◆ **WHAT TO WORK ON**
Your answer must be a word-for-word copy of the listing below, minus its pictures.

◆ **MATERIAL SUPPLIED**
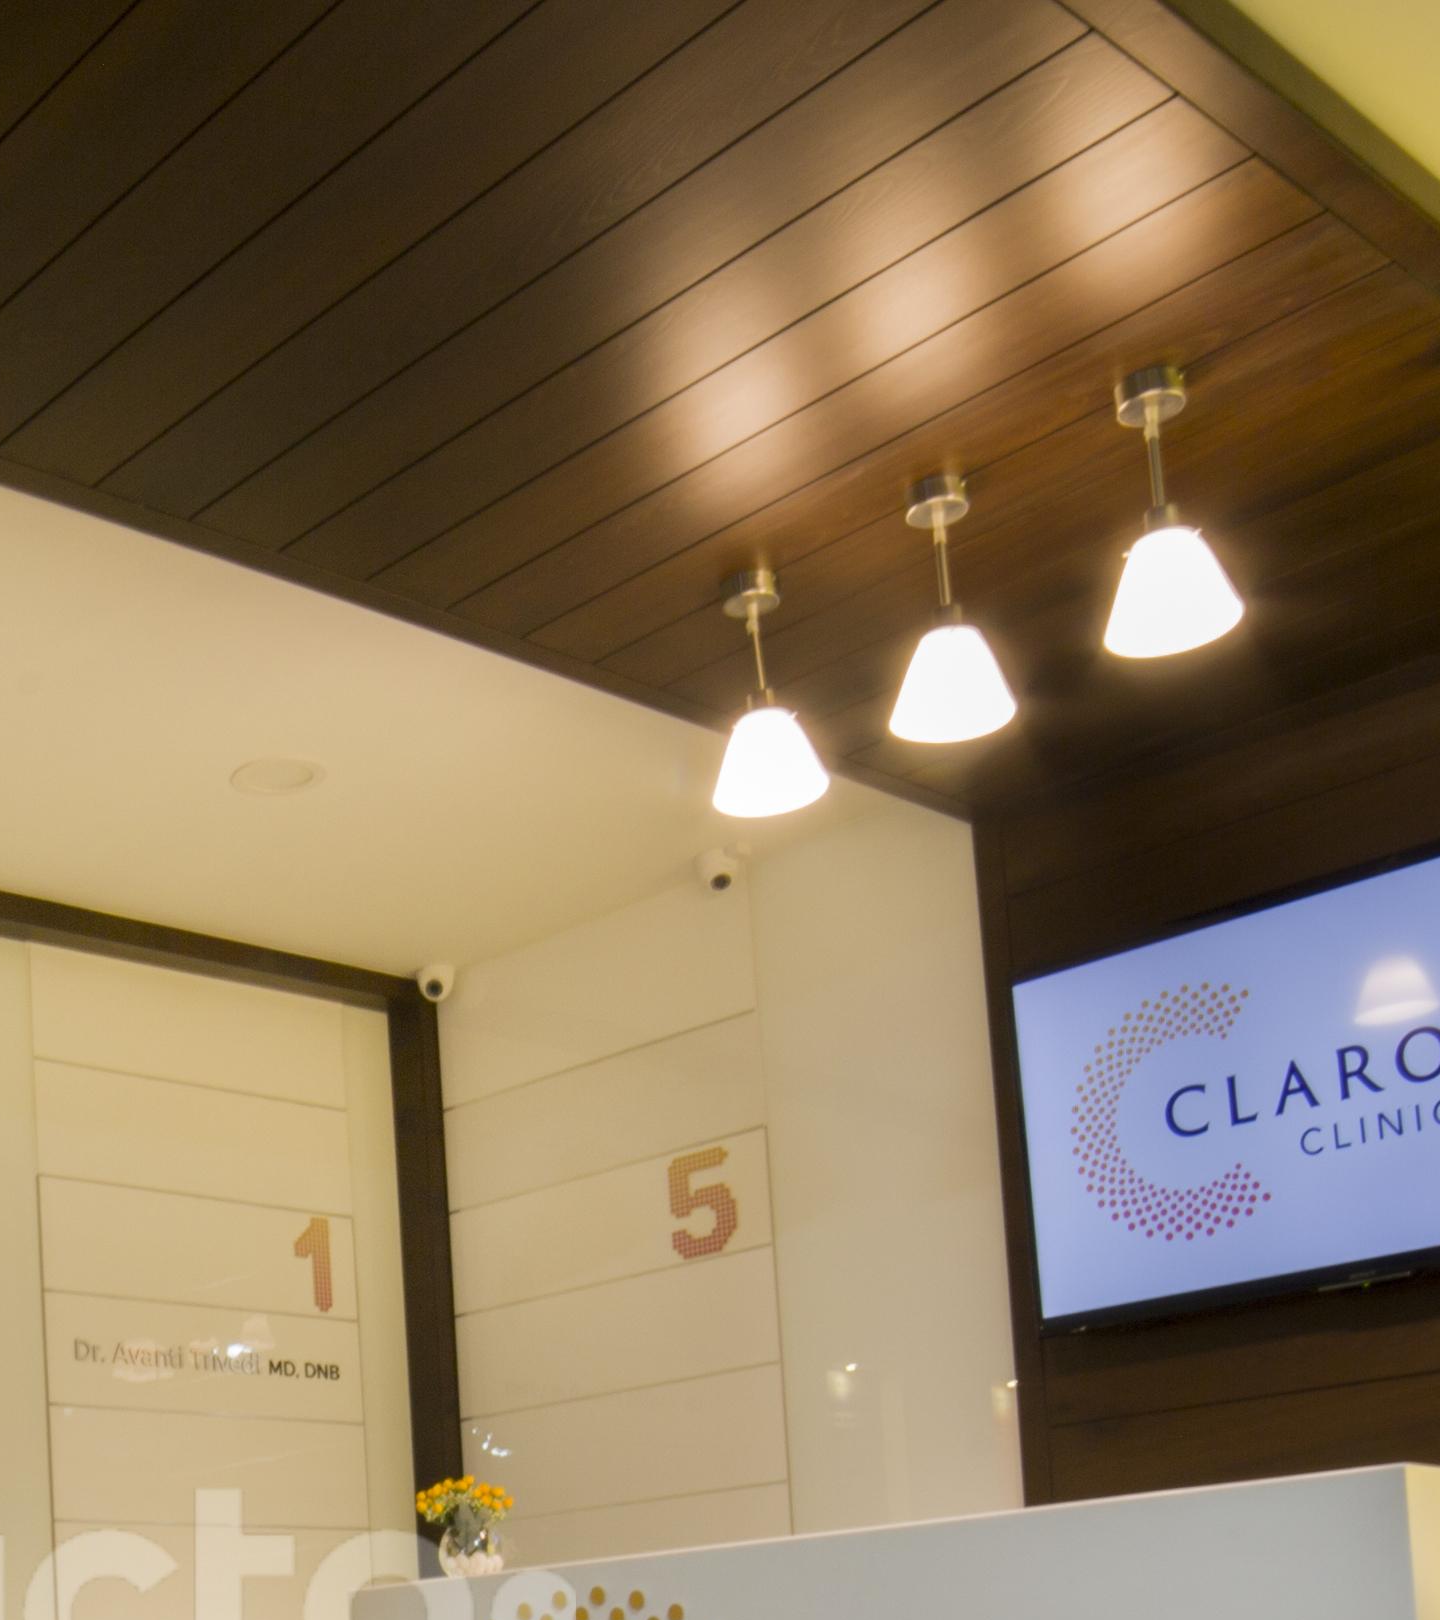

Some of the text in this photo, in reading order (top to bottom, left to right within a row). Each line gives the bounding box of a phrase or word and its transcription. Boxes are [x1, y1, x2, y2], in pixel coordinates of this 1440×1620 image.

[667, 1146, 738, 1261] 5
[293, 1216, 333, 1313] 1
[73, 1337, 105, 1363] Dr.
[267, 1359, 300, 1380] MD,
[304, 1362, 340, 1381] DNB

◆ **EXERCISE ANSWER**
Some of the text in this photo, in reading order (top to bottom, left to right within a row). Each line gives the bounding box of a phrase or word and its transcription. Boxes are [x1, y1, x2, y2], in pixel coordinates of this 1440×1620 image.

[667, 1146, 738, 1261] 5
[293, 1216, 333, 1313] 1
[73, 1337, 105, 1363] Dr.
[267, 1359, 300, 1380] MD,
[304, 1362, 340, 1381] DNB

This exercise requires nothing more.